Why were Hitoshi’s ears ringing?

“Um, and you said her friends are in the hospital? There were two other masked people there besides Turtle. I asked. One of them had some kind of portal-generating Quirk, and that’s how we got out of the forest as fast as we did.” Midoriya gripped the thin hospital sheets between his intact fingers, twisting them anxiously. “You remember Uchiha-san, right? His Quirk was almost exactly like how Iida said the one called Crane moved. The self-centered portal. And I know masks are just ways to keep out of the spotlight, and for all I know they could swap in masks or Quirks pretty easily, but it—it’s like what the first masked guy did at the USJ.” 

Hadn’t Hitoshi just been thinking of how Kei was the scariest of their entire friend group? From as early as the first time they’d actually interacted, hadn’t he—

“Midoriya—” Hitoshi found his voice, even under the bombardment of Midoriya’s word vomit. “Midoriya, her Quirk isn’t anything like that. She _controls water.”_ Hitoshi gestured vaguely, mostly out the window because what the hell else could he do? “I think we’d have noticed by now if she could turn into a freaky rage monster.” 

“It’s—I know this sounds implausible,” Midoriya replied. “I get it, really. But hang on, okay? I have more.” 

“Midoriya,” Hitoshi said in a warning tone.

“I’m serious! You didn’t see the way Turtle fought,” Midoriya persisted. “The Quirks were different, and I’m not sure why, but I saw the way Gekkō-san fought during the Sports Festival and I’ve trained with her, too. Their fighting styles are the same and she always fights like she’s not taking things seriously. And there was that time, during the Musutafu incident, where she _ricocheted_ off all the stuff in the alley and over a roof and all she said later was that she was worried about a friend!” 

“She’s been using water to help her move faster since the Sports Festival, Midoriya,” he tried reasoning, but Hitoshi’s heart hammered in his ribs. “And she’s—she’s not that good.” 

She couldn’t be.

“She ditched Aizawa-sensei and you _and_ me and she clobbered Stain without breaking a sweat,” Midoriya countered. “Todoroki even said she just kept knocking knives out of the air like nothing, barely using her Quirk at all.” 

_“How were you two so calm?
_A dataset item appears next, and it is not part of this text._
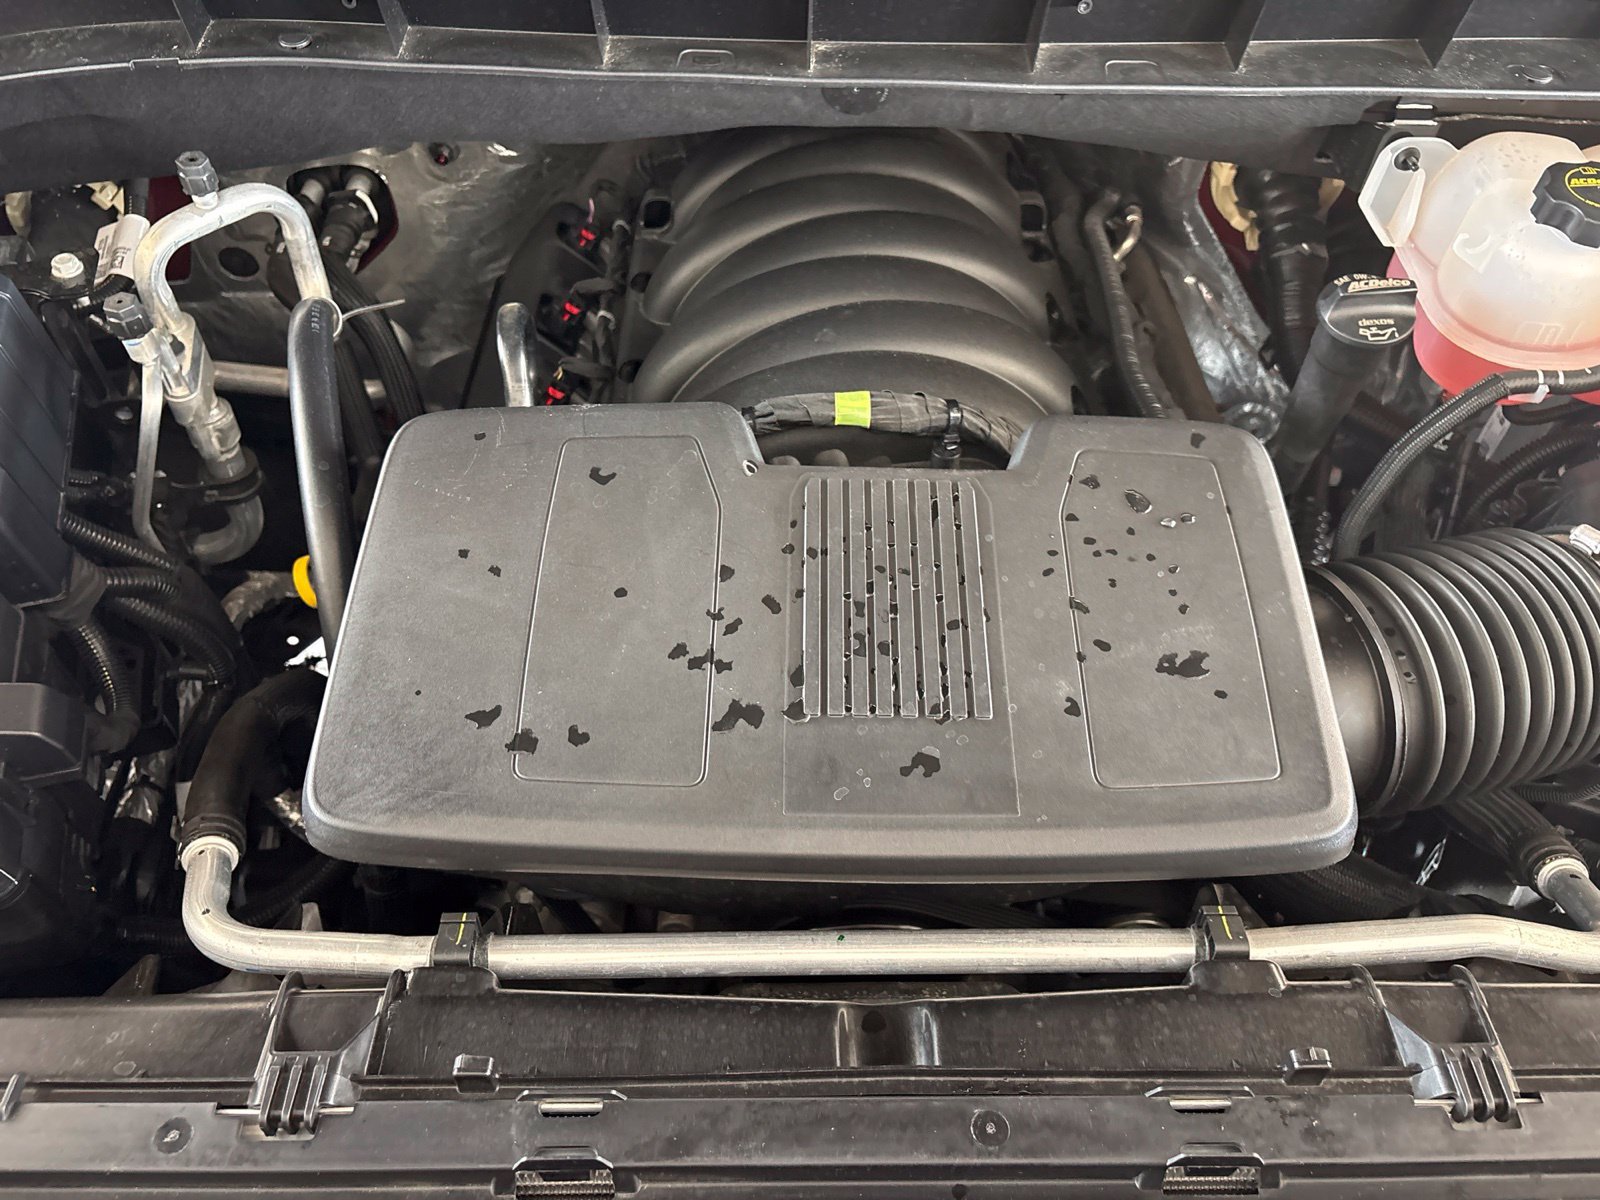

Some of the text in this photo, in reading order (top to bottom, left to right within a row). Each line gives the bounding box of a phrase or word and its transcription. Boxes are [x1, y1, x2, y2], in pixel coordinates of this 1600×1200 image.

[1334, 275, 1351, 287] SAE
[1347, 278, 1411, 293] ACDelco
[1358, 318, 1395, 327] dexos
Neither of you hesitated.”_

_“Is that weird?”_

_“Most people weren’t raised by Mom.”_

Hitoshi’s gut clenched. She was raised out in the country by a paranoid, militaristic mother. Later, by a teacher who apparently didn’t mind nearly getting blown up by his tearaway of a student. It explained things, didn’t it? 

Didn’t it?

_“Gekkō, you might’ve been able to win the entire tournament! Anybody with eyes could tell you were sandbagging the entire preliminary, but… Why’d you throw it all away?”_

Why was she in UA at all? What was the _real_ reason?

Hitoshi’s mind whirled. Conversations he’d dismissed or allowed to be redirected came back to his mind like they’d never left. 

"And there was—the same day as the USJ incident? She came in to Recovery Girl's office that afternoon, and I was there, and Recovery Girl said she got her ribs broken." Midoriya face almost bled honestly. A desperation to have someone believe him. "I asked her why, and she said she'd gotten in a fight with someone with a strength Quirk, and—and earlier, Turtle got _punched_ out of the USJ through the ceiling. By All Might. I think she was gone from your class that day, right? Wasn't she?"

_“Here’s the truth: I don’t want to be a hero. Never have, never will. Don’t get me wrong—I like my Quirk, and I like being strong. But I’ve only ever wanted to live quietly with my family and friends. My old sensei always used to tell me my worst character flaw was a total lack of ambition, and I agree with him.”_

_“Then…why’d you become strong? Nobody’s Quirk starts out that powerful or that controlled. They have to be trained or developed, and people can try for years without getting where you are.”_

_“That’s…a heavy story for someone I’ve only known for a couple weeks. Sorry, Shinsō-san.”_

_“Does it have to do with the scar on your face?”_

He’d never gotten an answer to that question. He hadn’t pushed then—too caught up in perceived betrayal when Kei walked out of her shot at the finals—but now everything was coming back. 

“Shinsō-kun?” Midoriya asked. 

Hitoshi must’ve missed some of his rambling. He clasped his hands tightly. “She never talks about her parents.”  

“I…didn’t notice?” Midoriya blinked.

“She doesn’t say anything since—they’re dead. She was raised by someone she calls ‘Sensei,’ and she talks about how everyone’s taught her to fight. He’s her guardian.” He glanced up at Midoriya again. “Did—what did Turtle do?” 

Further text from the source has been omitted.